## TRY IT
An unchanged copy of each entry below is needed; keep the pictures out of it.

Dataset records
►
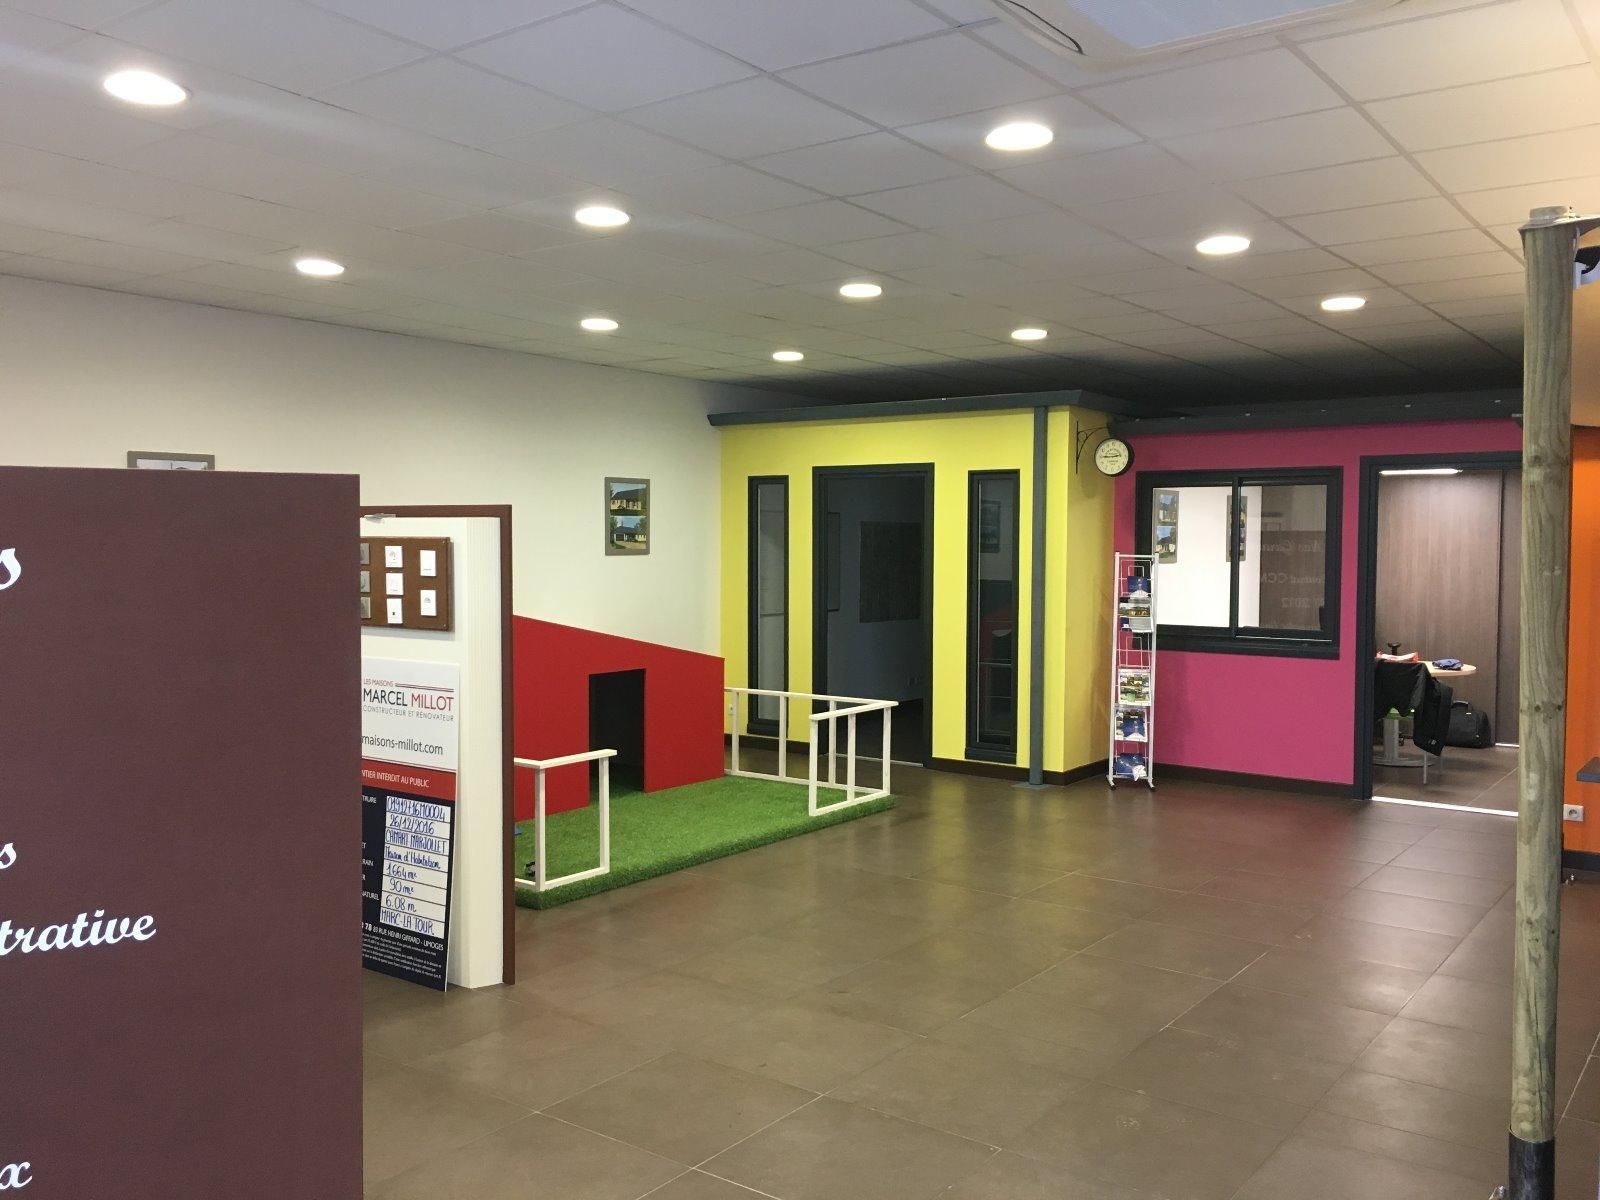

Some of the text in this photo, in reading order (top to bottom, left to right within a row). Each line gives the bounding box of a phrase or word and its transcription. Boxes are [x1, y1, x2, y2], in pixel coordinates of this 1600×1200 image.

[363, 678, 394, 687] LES MAISONS
[363, 688, 455, 711] MARCEL MILLOT
[362, 705, 406, 716] CONSTRUCTEUR
[362, 735, 444, 755] maisons-millot.com
[376, 772, 400, 782] INTERDIT
[400, 776, 408, 784] AU
[409, 777, 430, 788] PUBLIC
[0, 909, 157, 956] trative
[379, 927, 387, 935] RUE
[423, 940, 444, 951] LIMOGES
◄
## ANSWER BOX
Some of the text in this photo, in reading order (top to bottom, left to right within a row). Each line gives the bounding box of a phrase or word and its transcription. Boxes are [x1, y1, x2, y2], in pixel coordinates of this 1600×1200 image.

[363, 678, 394, 687] LES MAISONS
[363, 688, 455, 711] MARCEL MILLOT
[362, 705, 406, 716] CONSTRUCTEUR
[362, 735, 444, 755] maisons-millot.com
[376, 772, 400, 782] INTERDIT
[400, 776, 408, 784] AU
[409, 777, 430, 788] PUBLIC
[0, 909, 157, 956] trative
[379, 927, 387, 935] RUE
[423, 940, 444, 951] LIMOGES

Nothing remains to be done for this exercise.